In Germania, così come in Francia, ha deciso di vietare le proteste pro-palestinesi. Il rischio di manifestazioni con riferimenti antisemiti, ma anche semplicemente anti-israeliani, era troppo alto. Non è la prima volta: la Germania ha già avuto problemi con le proteste pro-Palestina. Per il 74° anniversario della Nakba, quindi maggio 2022, era stato imposto il divieto a manifestazioni e commemorazioni, che si sono tenute comunque. Le manifestazioni a Berlino si sono concluse con 127 arresti, a detta della polizia (Middle East Eye).
Si è andati a processo, sono stati sentiti degli arrestati – tra cui un antifascista ebreo-americano –, dicevano di essere lì per ragioni diverse dal protestare, che non c’era alcuna manifestazione. Gli arrestati – tra cui un antifascista ebreo-americano –, hanno affermato di essere lì per ragioni diverse dal protestare, che non c’era alcuna manifestazione.

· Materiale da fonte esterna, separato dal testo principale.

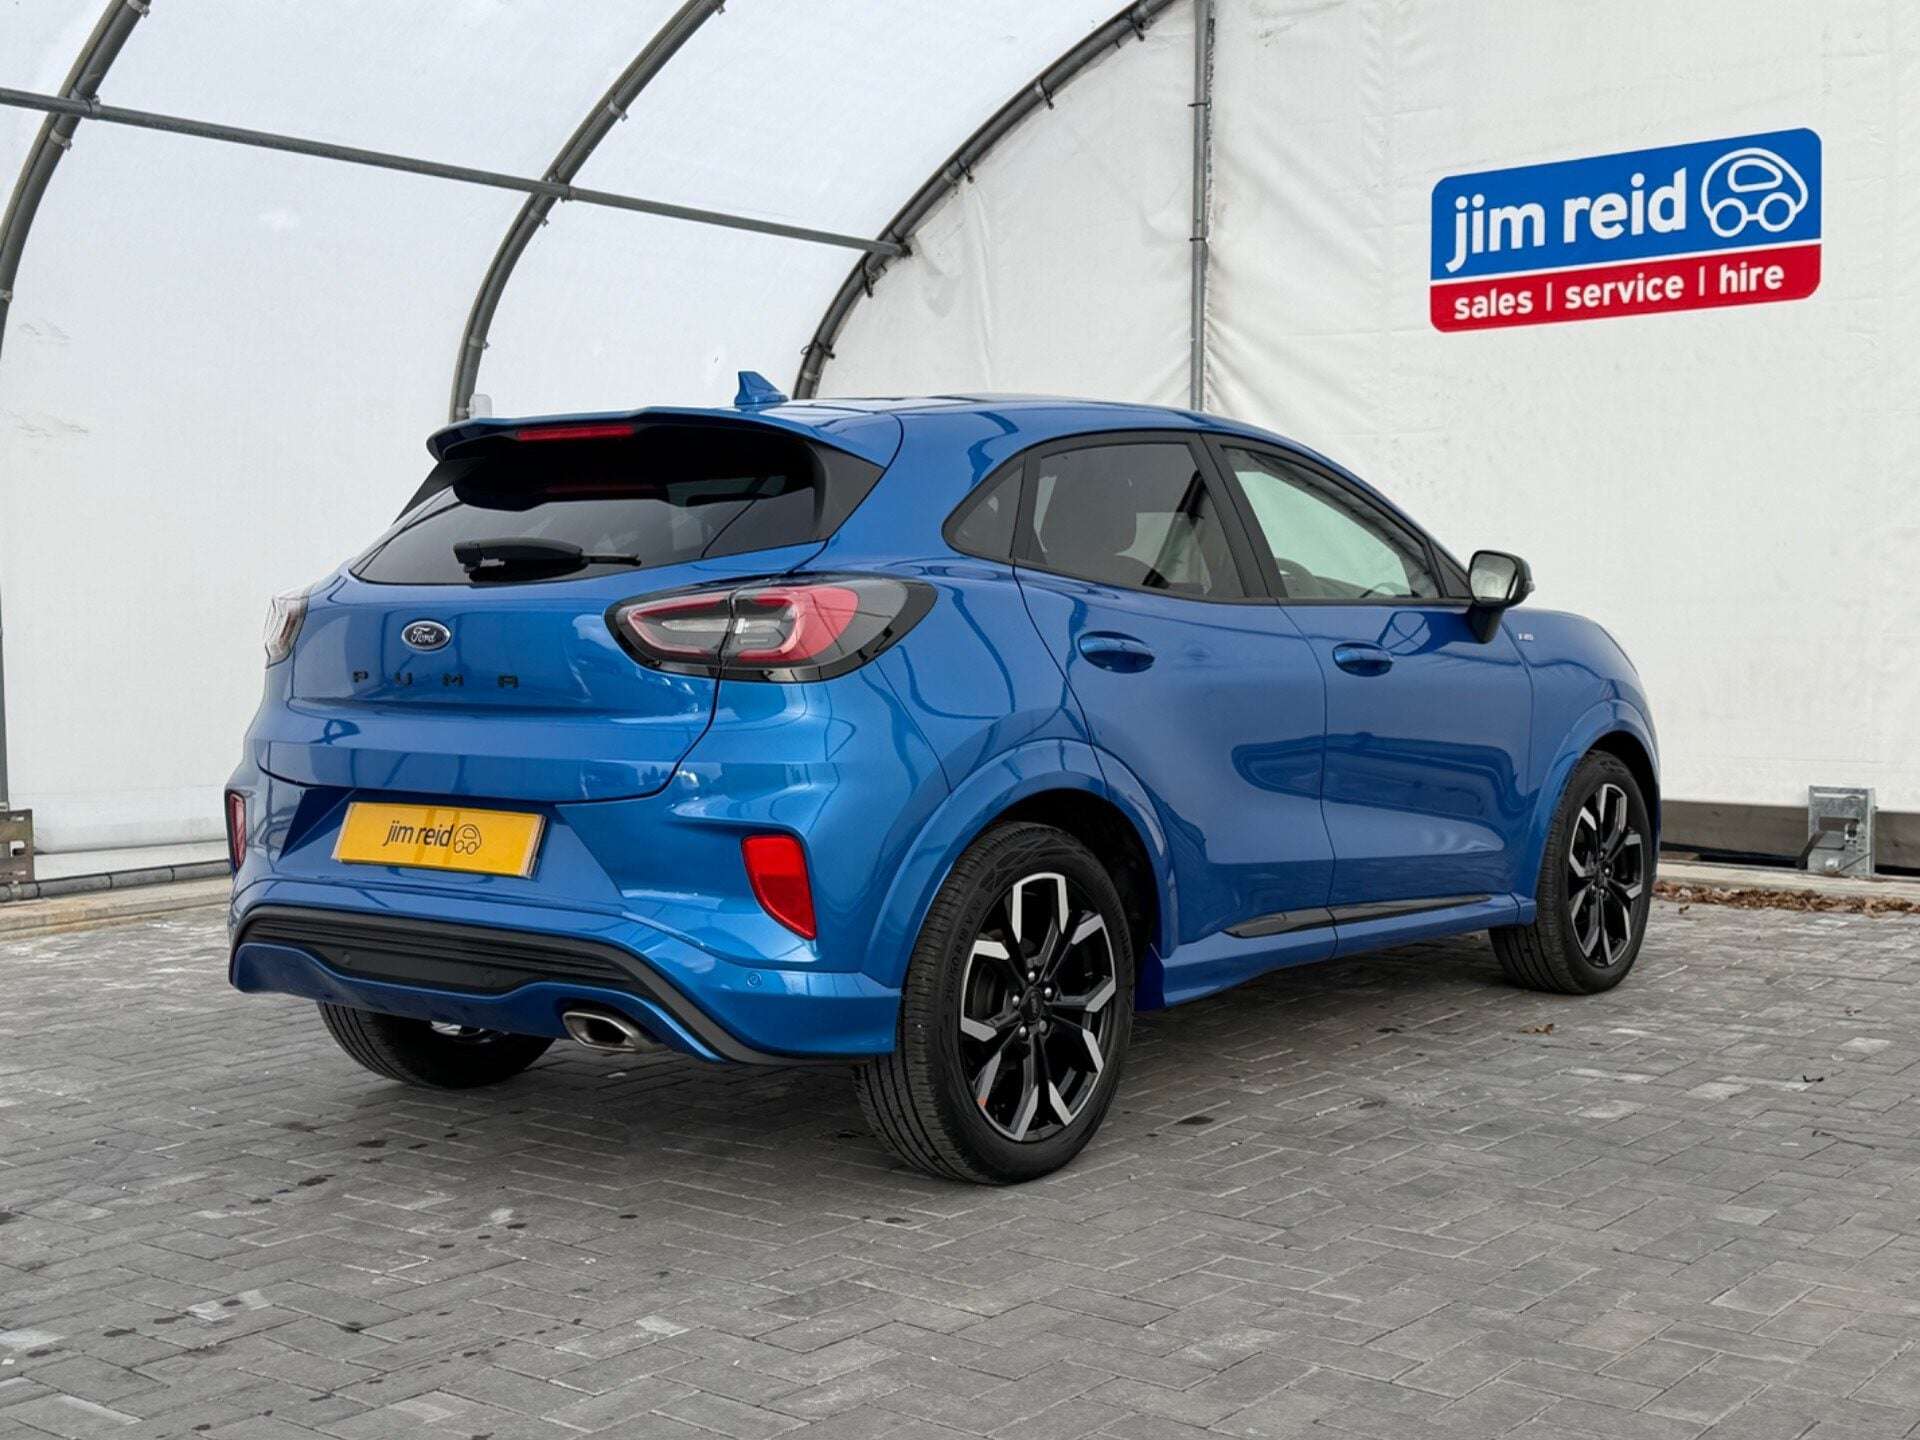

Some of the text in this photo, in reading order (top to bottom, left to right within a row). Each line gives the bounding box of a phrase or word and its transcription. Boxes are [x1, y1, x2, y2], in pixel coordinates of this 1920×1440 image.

Queste proteste c’erano state o no, allora?
Dopo aver ascoltato la polizia, i rapporti e fatti non coincidevano: le proteste non c’erano state, ma la polizia aveva arrestato “chiunque sembrasse palestinese”, quindi chiunque indossasse una kefiah o i colori della bandiera palestinese. La polizia aveva quindi dichiarato il falso nei rapporti.
Il divieto è stato comunque rinnovato per il 75° anniversario dalla Nakba, a causa di possibili disordini.

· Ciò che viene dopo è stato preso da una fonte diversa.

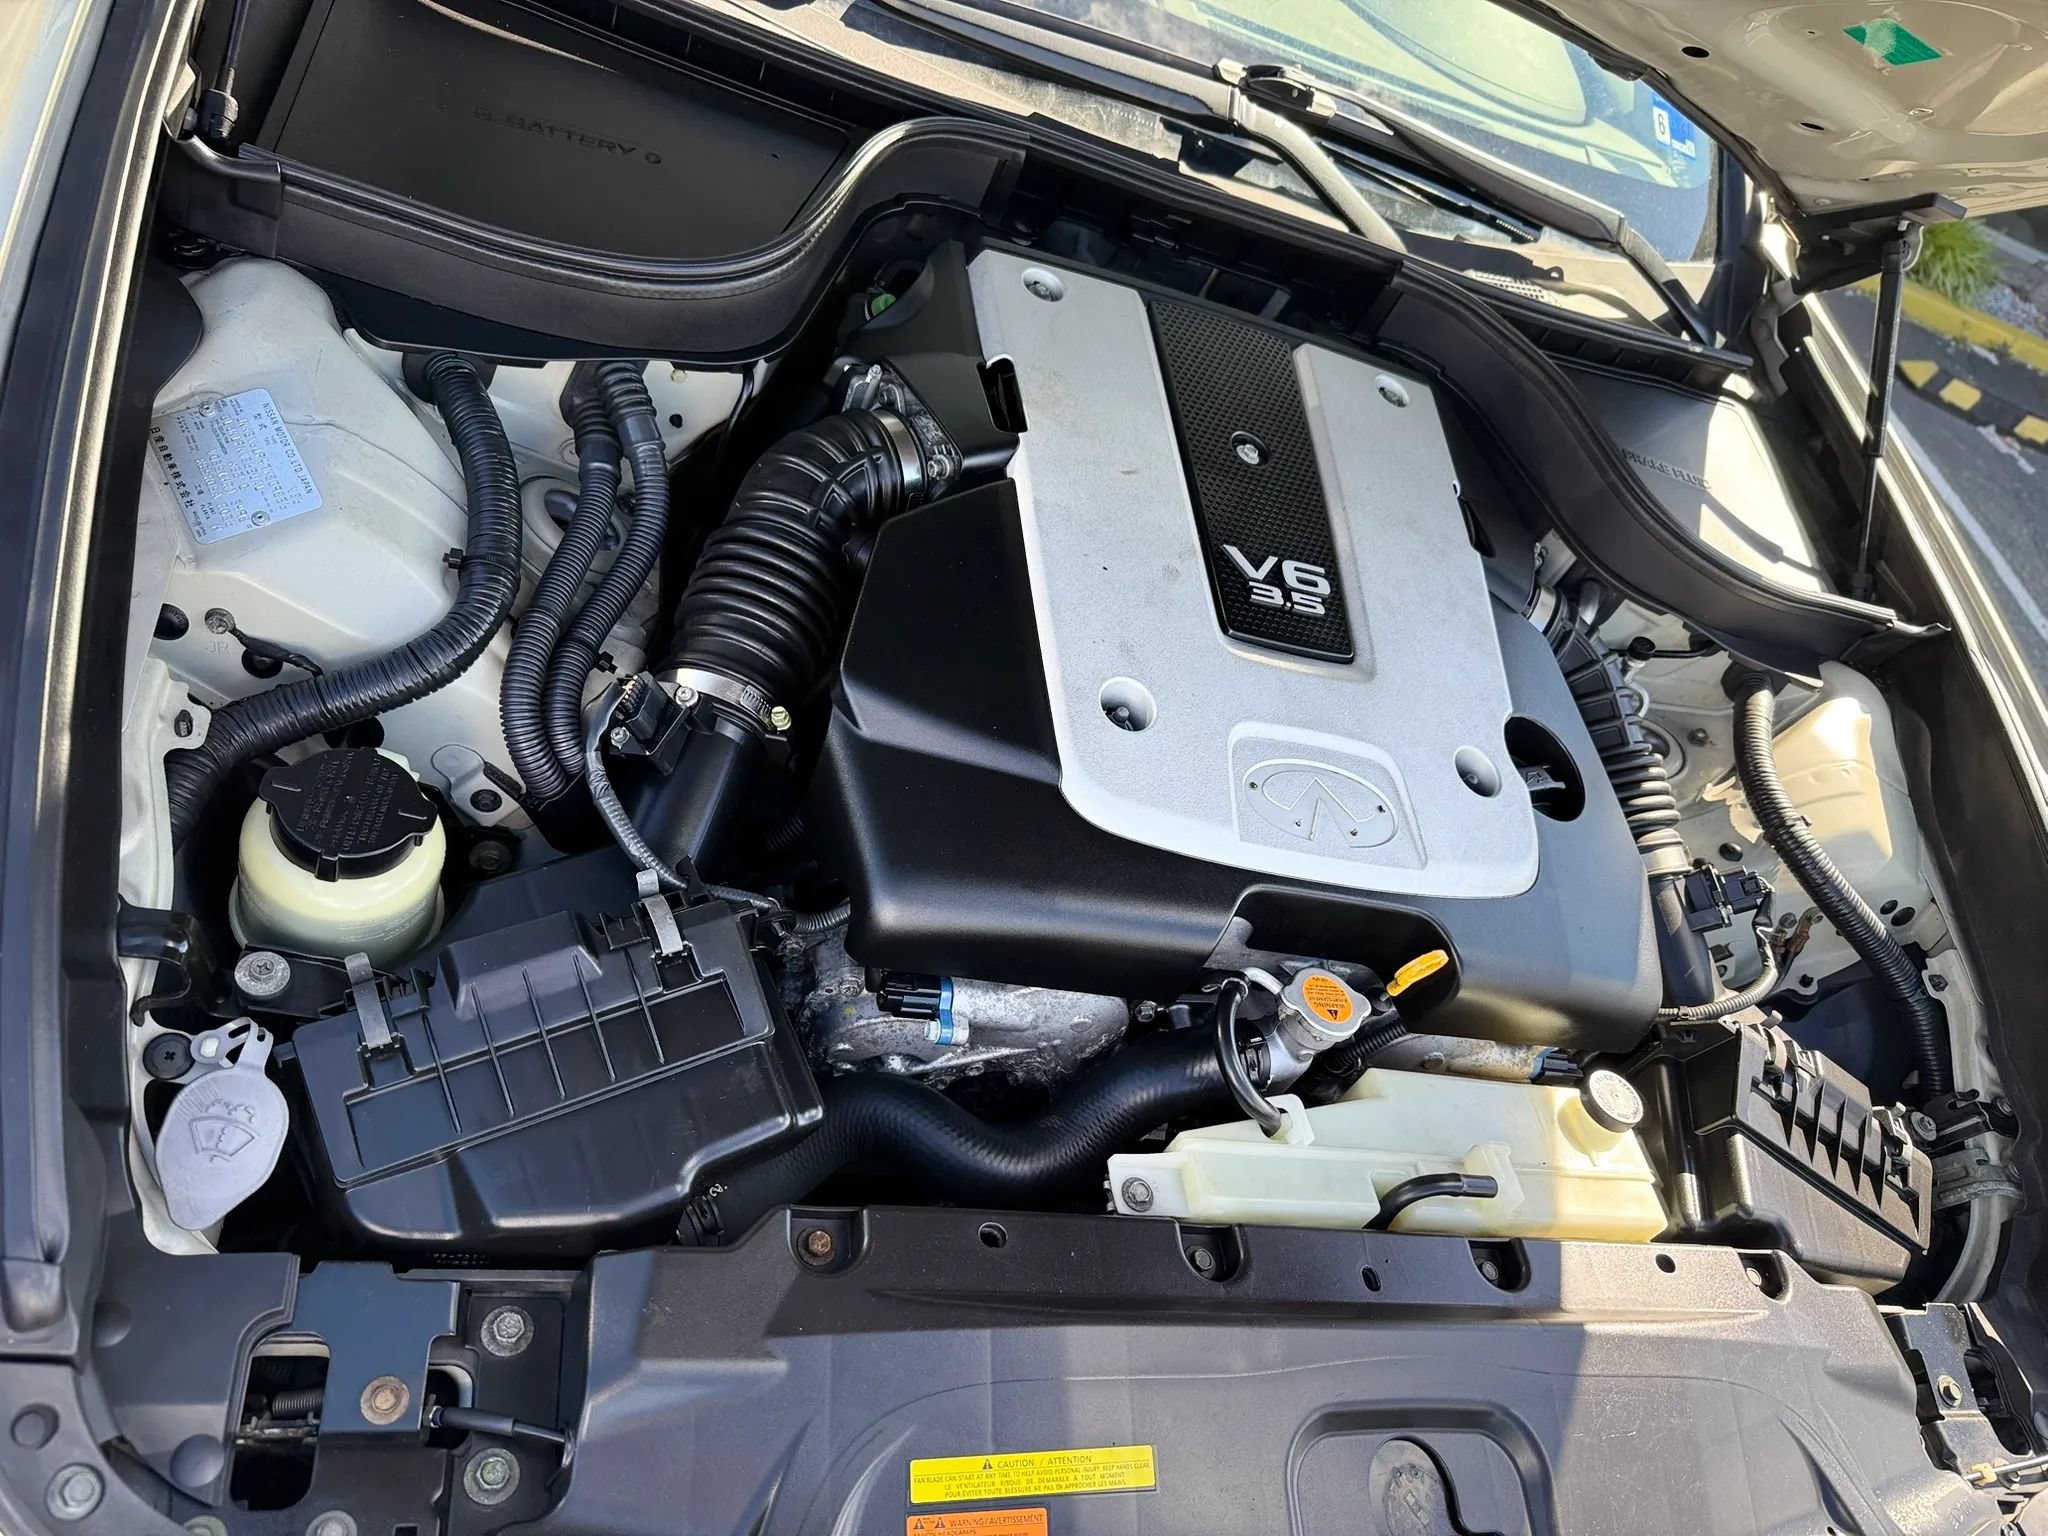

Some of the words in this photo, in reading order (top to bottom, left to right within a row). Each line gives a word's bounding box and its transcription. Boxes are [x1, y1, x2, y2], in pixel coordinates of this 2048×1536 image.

[1657, 113, 1666, 135] 6
[262, 402, 279, 426] NISSAN
[274, 425, 291, 447] MOTOR
[1221, 543, 1331, 597] V6
[1248, 580, 1326, 616] 3.5
[997, 1458, 1035, 1469] CAUTION
[1047, 1455, 1092, 1466] ATTENTION
[926, 1476, 944, 1484] BLADE
[958, 1474, 975, 1482] START
[956, 1481, 995, 1490] VENTILATEUR
[944, 1490, 961, 1498] POUR
[983, 1487, 1002, 1495] TOUTE
[1064, 1480, 1096, 1489] APPROCHER
[988, 1514, 1043, 1526] AVERTISSEMENT

In Francia, per reprimere le proteste hanno usato idranti e lacrimogeni. Poi il ministro dell’Interno, Gerald Darmanin, ha annunciato il divieto governativo delle proteste pro-Palestina per motivi di sicurezza. È stata vietata anche una conferenza da parte di un’associazione regionale palestinese. Da quel momento «la massima corte amministrativa francese si è pronunciata contro un divieto totale», come scrive il Washington Post, ma ha comunque lasciato la possibilità di interrompere le proteste valutando caso per caso.
In Inghilterra non è stato preso un provvedimento simile, ma è stato ipotizzato di limitare le proteste andando oltre il valutare i simboli esplicitamente pro-Hamas, quindi ricorrendo ancora una volta a giudizi soggettivi.
In Italia dopo gli attacchi terroristici i Cpr sono tornati alla ribalta. Gli stessi per cui l’Italia è stata condannata dalla Corte Europea dei Diritti dell’Uomo con parole come “privazione arbitraria della libertà”, quelli che ci costano una fortuna, ma che si punta ad avere – auspica il governo – in ogni regione. Soprattutto in riferimento all’attentato belga, è stato evidenziato come l’esecutore sia stato in un centro per i rimpatri prima di continuare il suo percorso. Era il 2011.
Marginalizzazione e radicalizzazione
Conosciamo a grandi linee il percorso dell’attentatore, e le motivazioni del gesto, che ha reso note in un video. Non conosciamo però quelle più profonde, la scintilla che fatto scattare il processo di radicalizzazione. Ma conosciamo abbastanza il contesto: le disparità che i migranti e le seconde, terze generazioni vivono una volta giunti in Europa. Quello del tunisino Abdesalem Lassoued è un caso specifico, un caso singolo che non per forza rientra in questa categoria, ma diverse analisi ci dicono che la marginalizzazione è un fattore importante nell’inizio di un processo di radicalizzazione.
Un articolo del ricercatore Eylem Khanol pubblicato da Taylor&Francis afferma che:
Vari autori hanno evidenziato i problemi legati all’integrazione socioeconomica dei musulmani nel contesto europeo, identificando in questi la causa principale della radicalizzazione violenta.
I combattenti stranieri europei esaminati da un altro studio citato nell’articolo sono descritti come: «principalmente individui emarginati con prospettive economiche e sociali limitate, che sperimentano vari tipi di frustrazione nella loro vita».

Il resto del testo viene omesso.